[DATA FOR REVIEW]
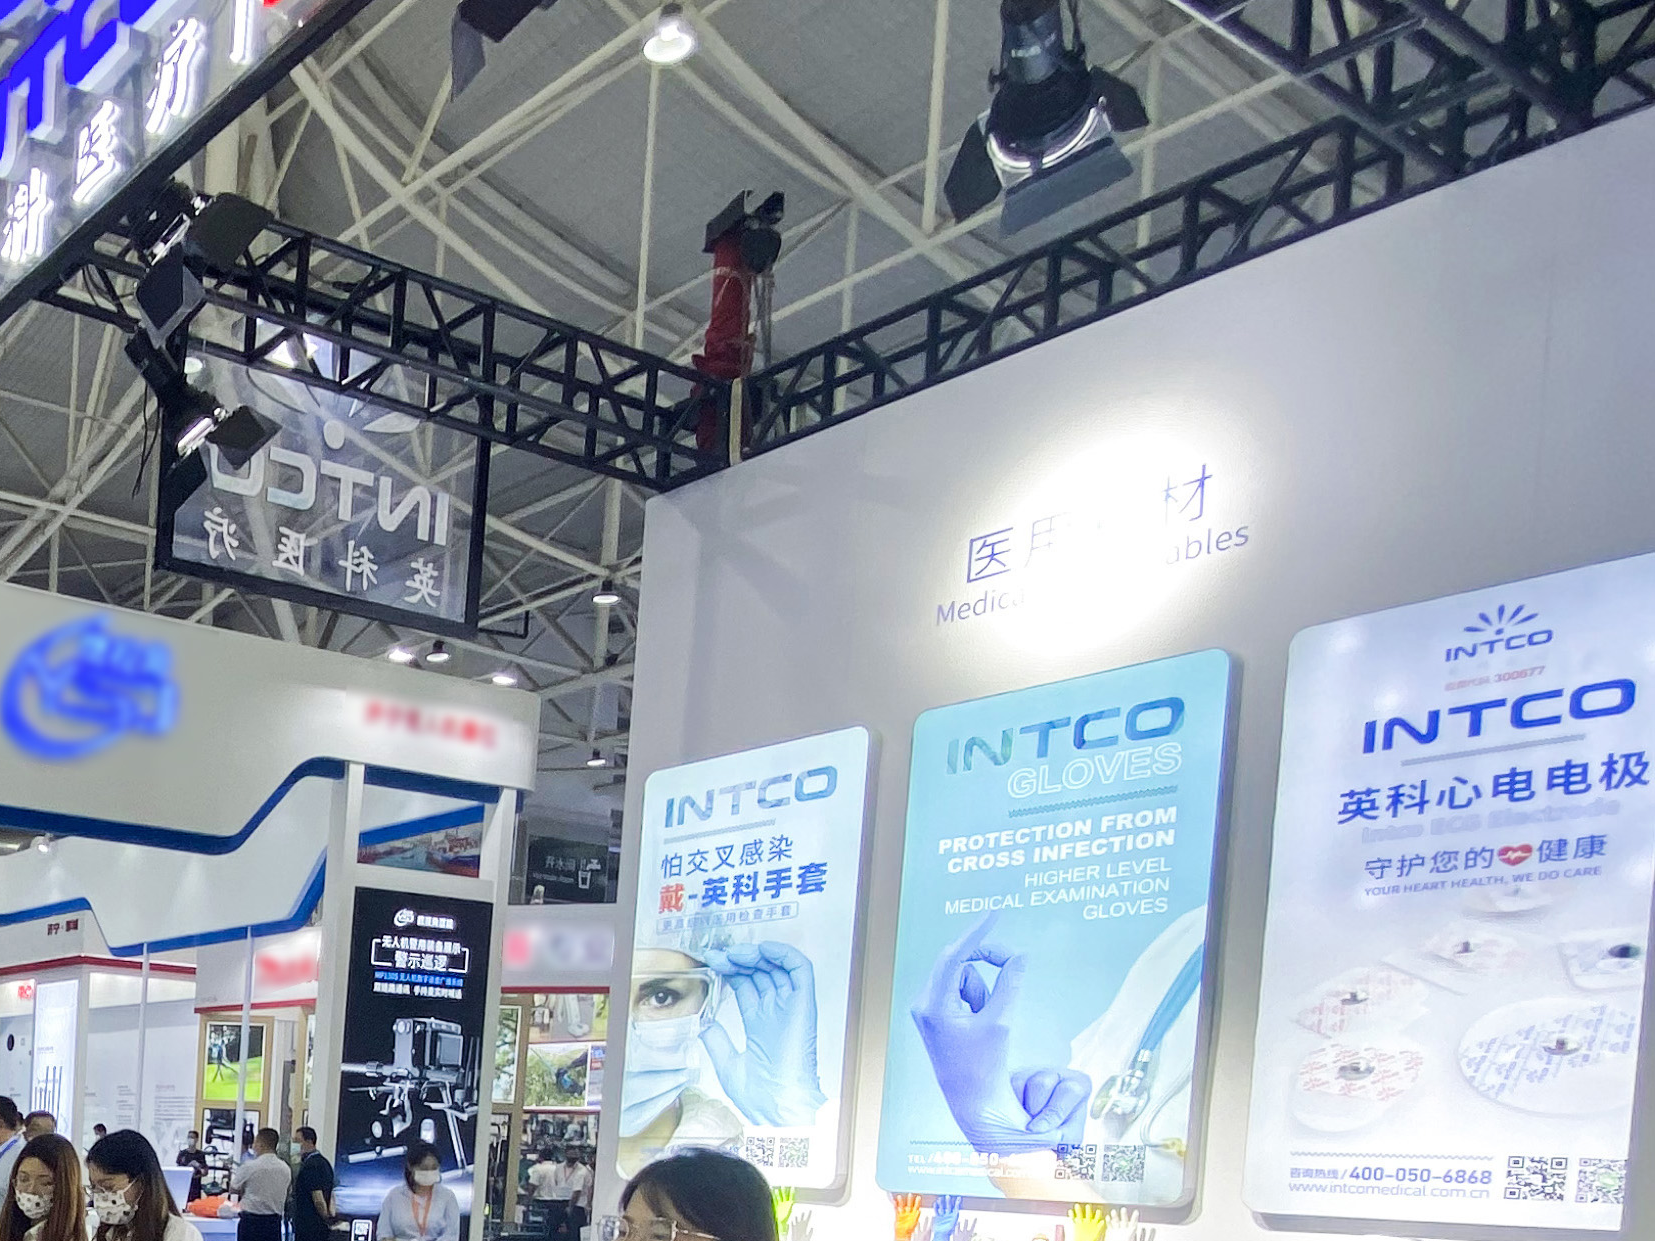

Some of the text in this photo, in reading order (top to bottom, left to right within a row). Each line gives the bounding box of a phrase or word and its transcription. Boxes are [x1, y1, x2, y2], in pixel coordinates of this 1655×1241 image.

[967, 463, 1212, 584] 医用材
[1445, 629, 1554, 662] INTCO
[947, 697, 1185, 775] INTCO
[1362, 678, 1637, 754] INTCO
[1008, 743, 1182, 798] GLOVES
[1337, 751, 1650, 825] 英科心电电极
[664, 765, 838, 828] INTCO
[938, 806, 1178, 855] PROTECTION FROM
[947, 829, 1175, 874] CROSS INFECTION
[661, 834, 793, 879] 怕交叉感染
[1024, 857, 1173, 888] HIGHER LEVEL
[944, 877, 1171, 915] MEDICAL EXAMINATION
[1365, 884, 1401, 897] YOUR
[1403, 881, 1447, 894] HEART
[1512, 872, 1534, 883] WE
[1537, 869, 1561, 881] DO
[1565, 866, 1603, 879] CARE
[1083, 897, 1169, 920] GLOVES
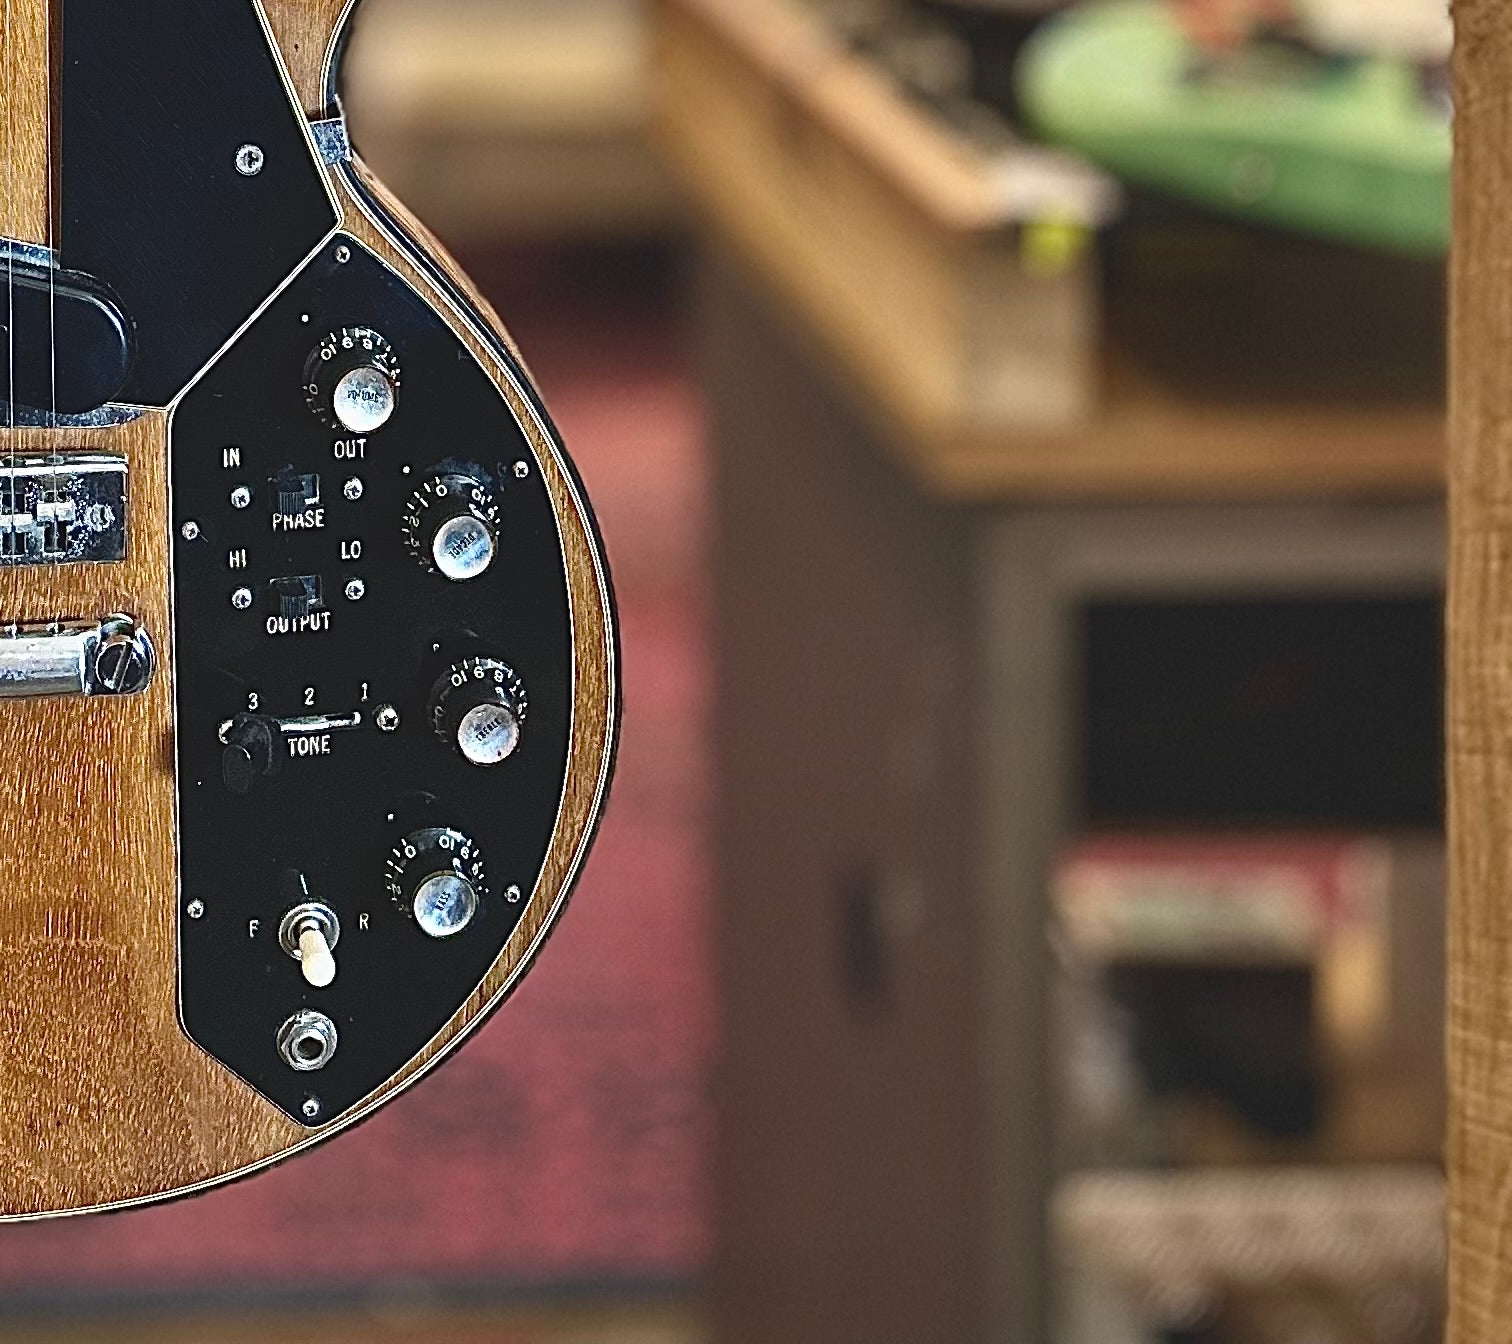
[/DATA FOR REVIEW]
INSTRUCTIONS FOR THE TASK »
After removing each picture, print the entries above exactly as they were.

RESULT FOR THIS TASK »
Some of the text in this photo, in reading order (top to bottom, left to right within a row). Each line gives the bounding box of a phrase or word and its transcription. Boxes are [x1, y1, x2, y2], in pixel coordinates of this 1655×1241 image.

[967, 463, 1212, 584] 医用材
[1445, 629, 1554, 662] INTCO
[947, 697, 1185, 775] INTCO
[1362, 678, 1637, 754] INTCO
[1008, 743, 1182, 798] GLOVES
[1337, 751, 1650, 825] 英科心电电极
[664, 765, 838, 828] INTCO
[938, 806, 1178, 855] PROTECTION FROM
[947, 829, 1175, 874] CROSS INFECTION
[661, 834, 793, 879] 怕交叉感染
[1024, 857, 1173, 888] HIGHER LEVEL
[944, 877, 1171, 915] MEDICAL EXAMINATION
[1365, 884, 1401, 897] YOUR
[1403, 881, 1447, 894] HEART
[1512, 872, 1534, 883] WE
[1537, 869, 1561, 881] DO
[1565, 866, 1603, 879] CARE
[1083, 897, 1169, 920] GLOVES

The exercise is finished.